Statt hektisch in den Tag zu starten, nehme ich mir nun eine Stunde Zeit, bevor ich zur Arbeit gehe:

  • Bewegung & Sport – Ich beginne den Tag mit Dehnübungen und kurzen Sporteinheiten, um meinen Körper in Schwung zu bringen.

  •  Achtsamkeits- & Atemmeditation – 5 bis 10 Minuten, um meinen Geist zu beruhigen und meine innere Mitte zu finden.

  • Comic-Buch lesen – Ein bewusster Start ohne Handy, aber mit etwas, das mir Freude bereitet.

  • Tages- & Wochenplanung – Ich erstelle To-Do-Listen, plane meine Termine und strukturiere meinen Tag.

Um den Überblick zu behalten und meine Routinen konsequent umzusetzen, nutze ich die "Focus Keeper"-App. Sie hilft mir, Zeitblöcke sinnvoll einzuteilen und mich bewusst auf eine Aufgabe zu konzentrieren, bevor ich eine kurze Pause mache.

Diese Veränderungen mögen auf den ersten Blick klein erscheinen, doch sie haben mein Leben grundlegend verändert.

Fazit: Mein Weg zur inneren Balance

Mein Leben war lange Zeit geprägt von Extremen. Ich kannte nur zwei Zustände: Alles oder nichts, Euphorie oder Leere, Erfolg oder Versagen. Heute weiß ich, dass wahre Stärke nicht darin liegt, immer 150 % zu geben, sondern die richtige Balance zwischen Anstrengung und Erholung zu finden.

Ich bin noch nicht am Ziel – aber ich bin auf dem richtigen Weg. Mein Praktikum bei Wien Energie gibt mir nicht nur berufliche Perspektiven, sondern auch ein Team, das mich unterstützt. Meine Morgenroutinen helfen mir, mich zu fokussieren und meinen Tag bewusst zu gestalten. Und vor allem habe ich gelernt, dass ich nicht gegen mich selbst kämpfen muss – sondern mit mir arbeiten kann.

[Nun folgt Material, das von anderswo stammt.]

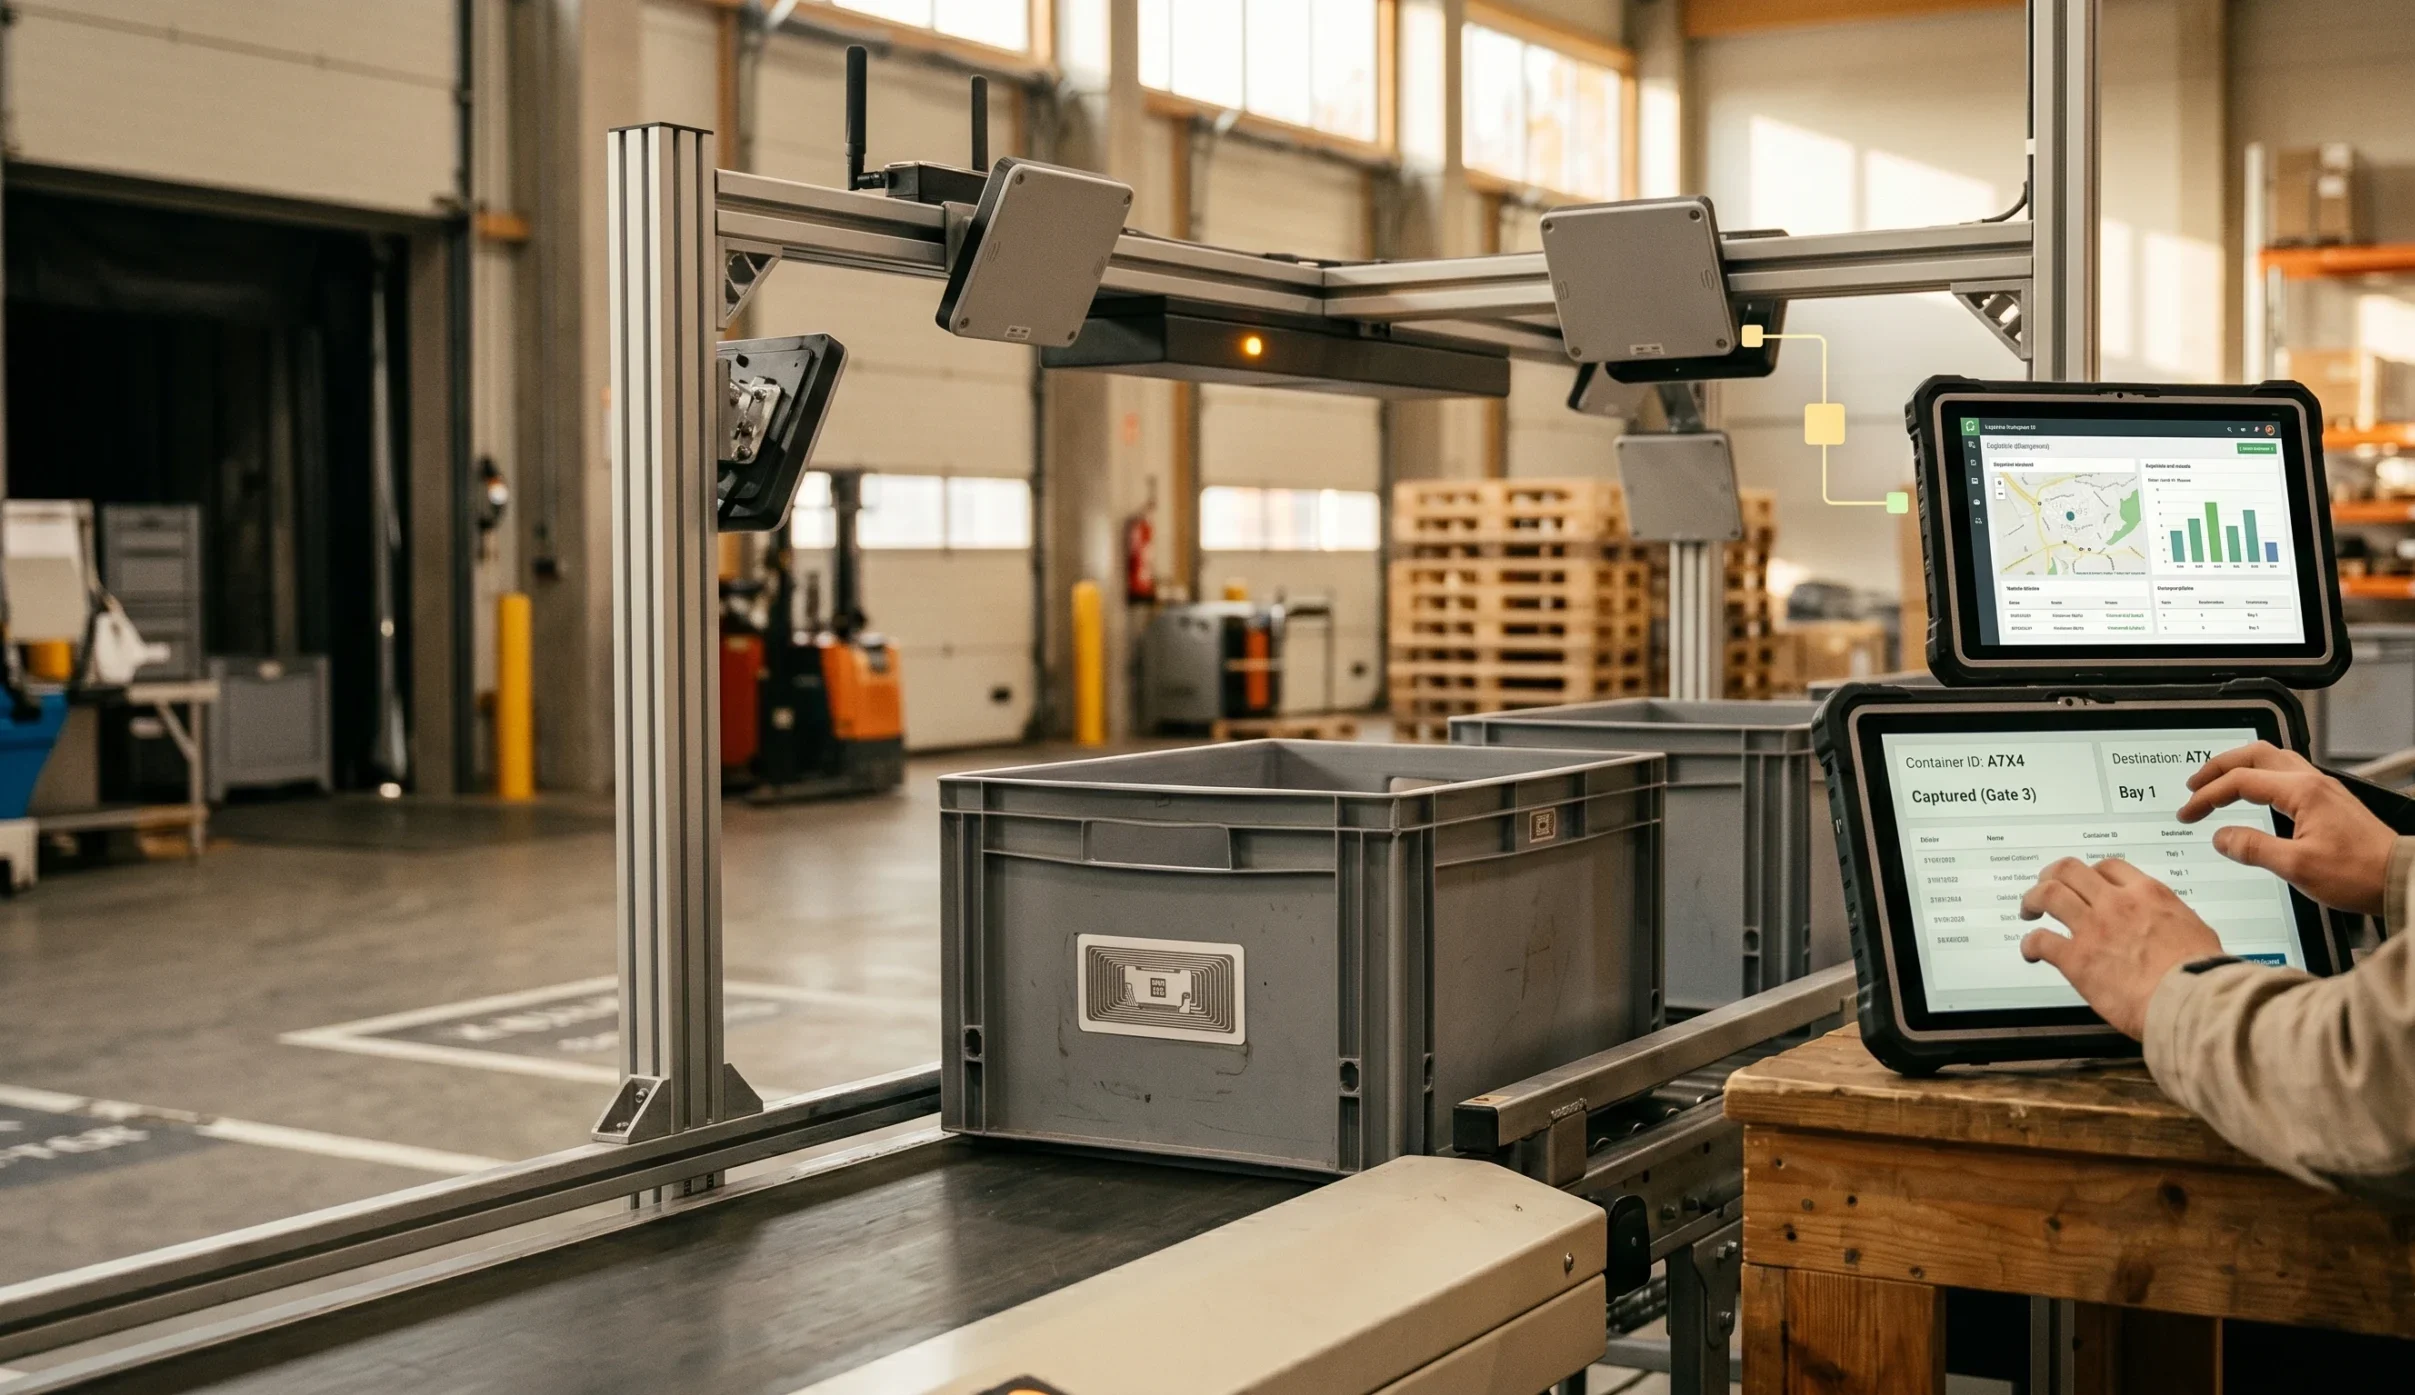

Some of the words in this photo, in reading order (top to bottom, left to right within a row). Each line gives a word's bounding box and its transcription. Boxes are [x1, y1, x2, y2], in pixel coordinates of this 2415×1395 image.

[1905, 756, 1964, 769] Container
[1967, 755, 1984, 768] ID:
[1987, 753, 2025, 768] A7X4
[2112, 752, 2182, 765] Destination:
[2185, 750, 2212, 764] ATX
[1911, 788, 1977, 806] Captured
[1980, 787, 2019, 805] (Gate
[2021, 786, 2037, 804] 3)
[2118, 785, 2144, 802] Bay
[2148, 785, 2156, 798] 1
[2082, 831, 2110, 839] Container
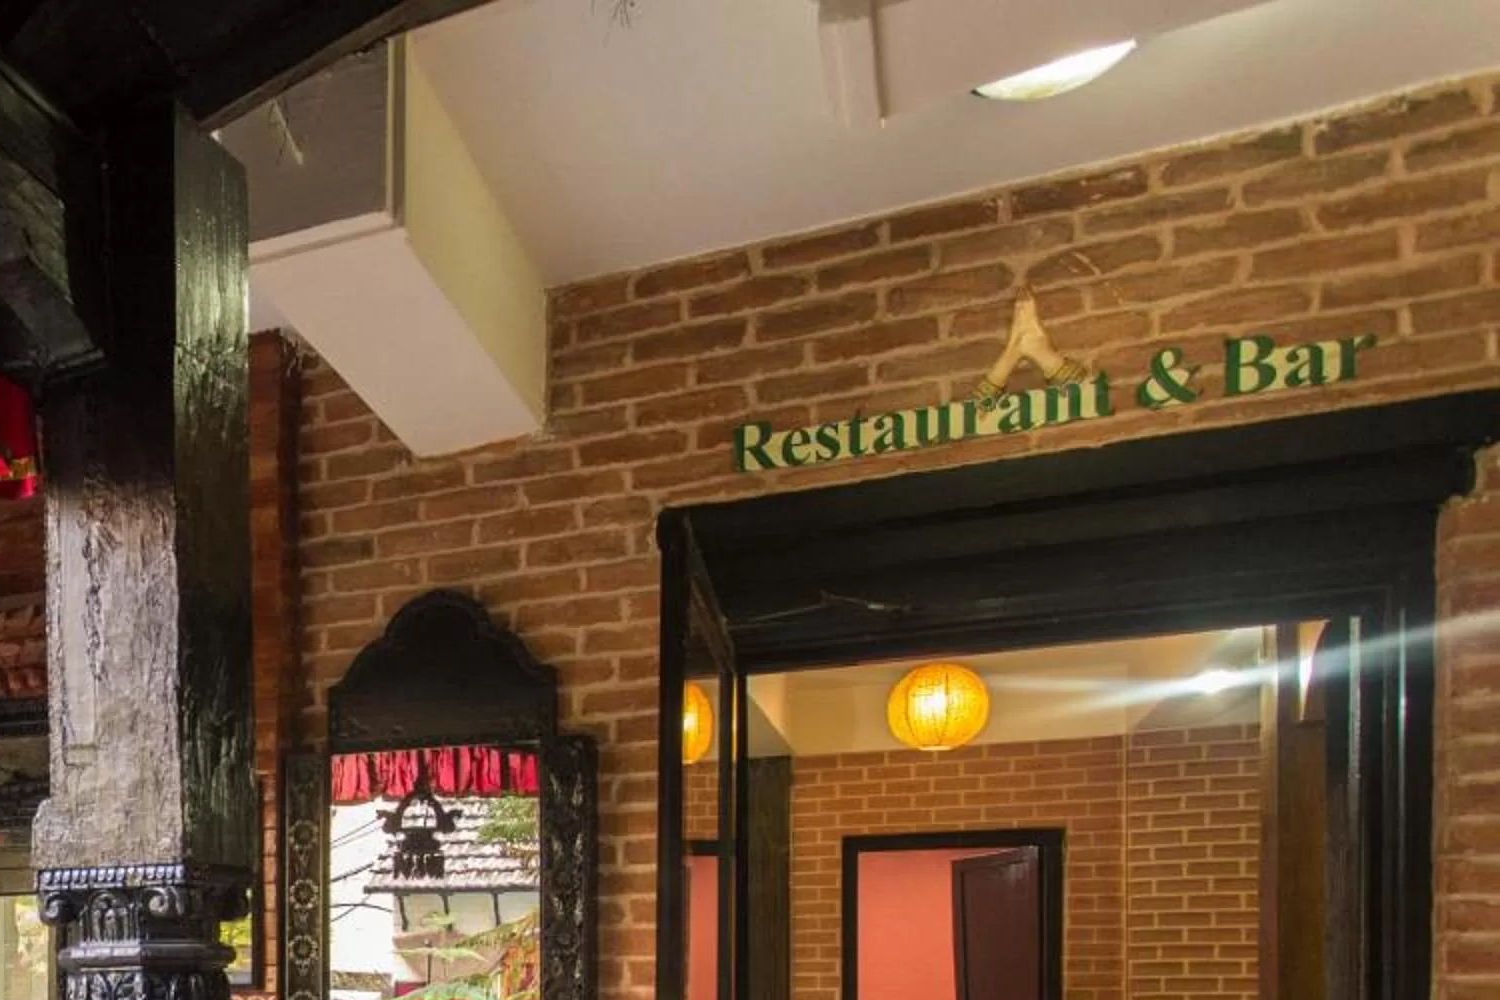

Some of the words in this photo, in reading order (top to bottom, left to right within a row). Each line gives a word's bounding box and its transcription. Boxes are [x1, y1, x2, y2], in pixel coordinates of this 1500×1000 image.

[733, 369, 1112, 472] Restaurant
[1137, 347, 1204, 410] &
[1223, 333, 1378, 397] Bar
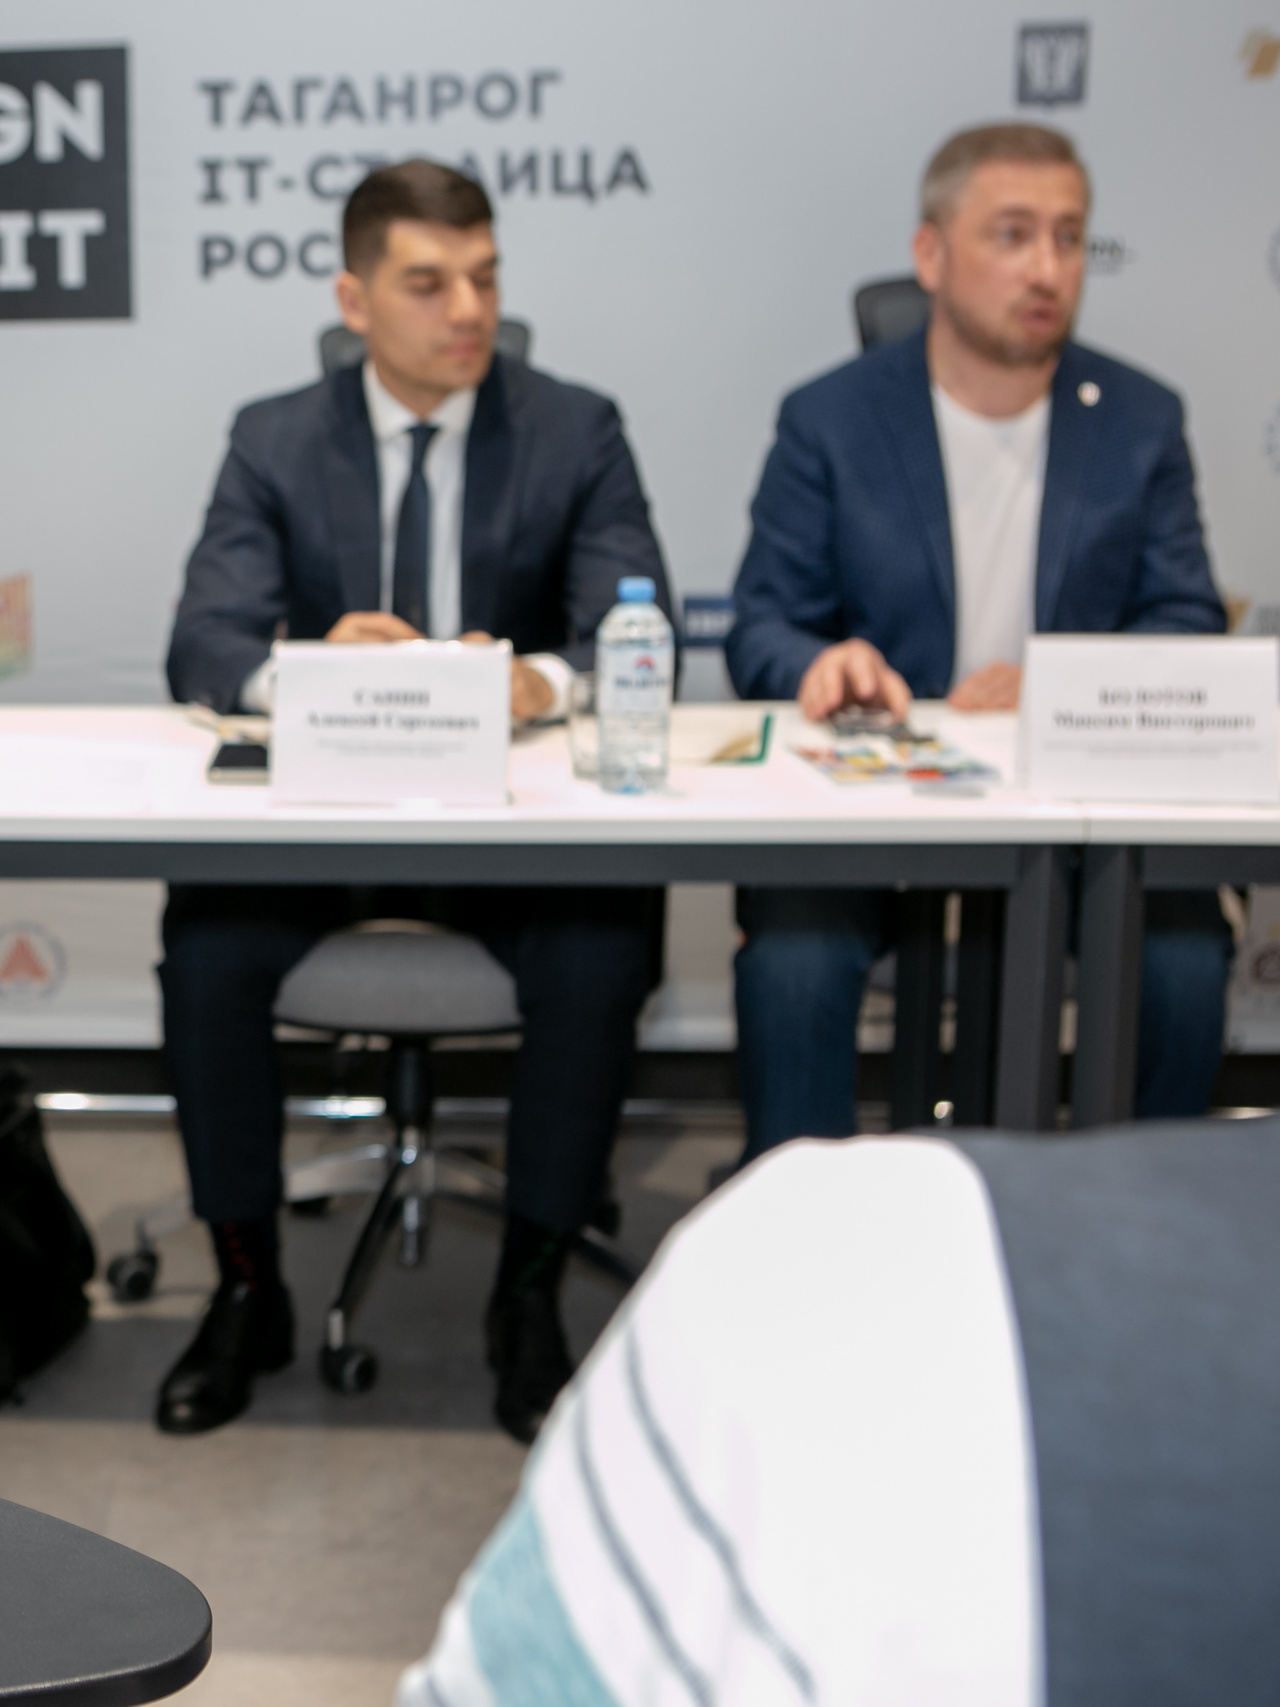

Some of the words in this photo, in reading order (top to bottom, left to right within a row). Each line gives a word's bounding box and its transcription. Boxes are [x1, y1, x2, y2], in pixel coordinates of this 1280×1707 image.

[198, 69, 560, 127] ТАГАНРОГ
[198, 146, 650, 206] IT-СЛИЦА
[198, 231, 344, 281] РОС

Wenn du dich selbst oft zwischen Extremen wiederfindest, wenn du das Gefühl hast, nie genug zu sein oder immer gegen dich selbst anzukämpfen – dann kann ich dir nur sagen: Es gibt einen Weg zur Balance. Du bist nicht allein. Und du bist nicht falsch, nur weil du anders funktionierst.

Manchmal braucht es den Mut, neu anzufangen. Und manchmal reicht ein einziger kleiner Schritt, um den eigenen Weg zu finden.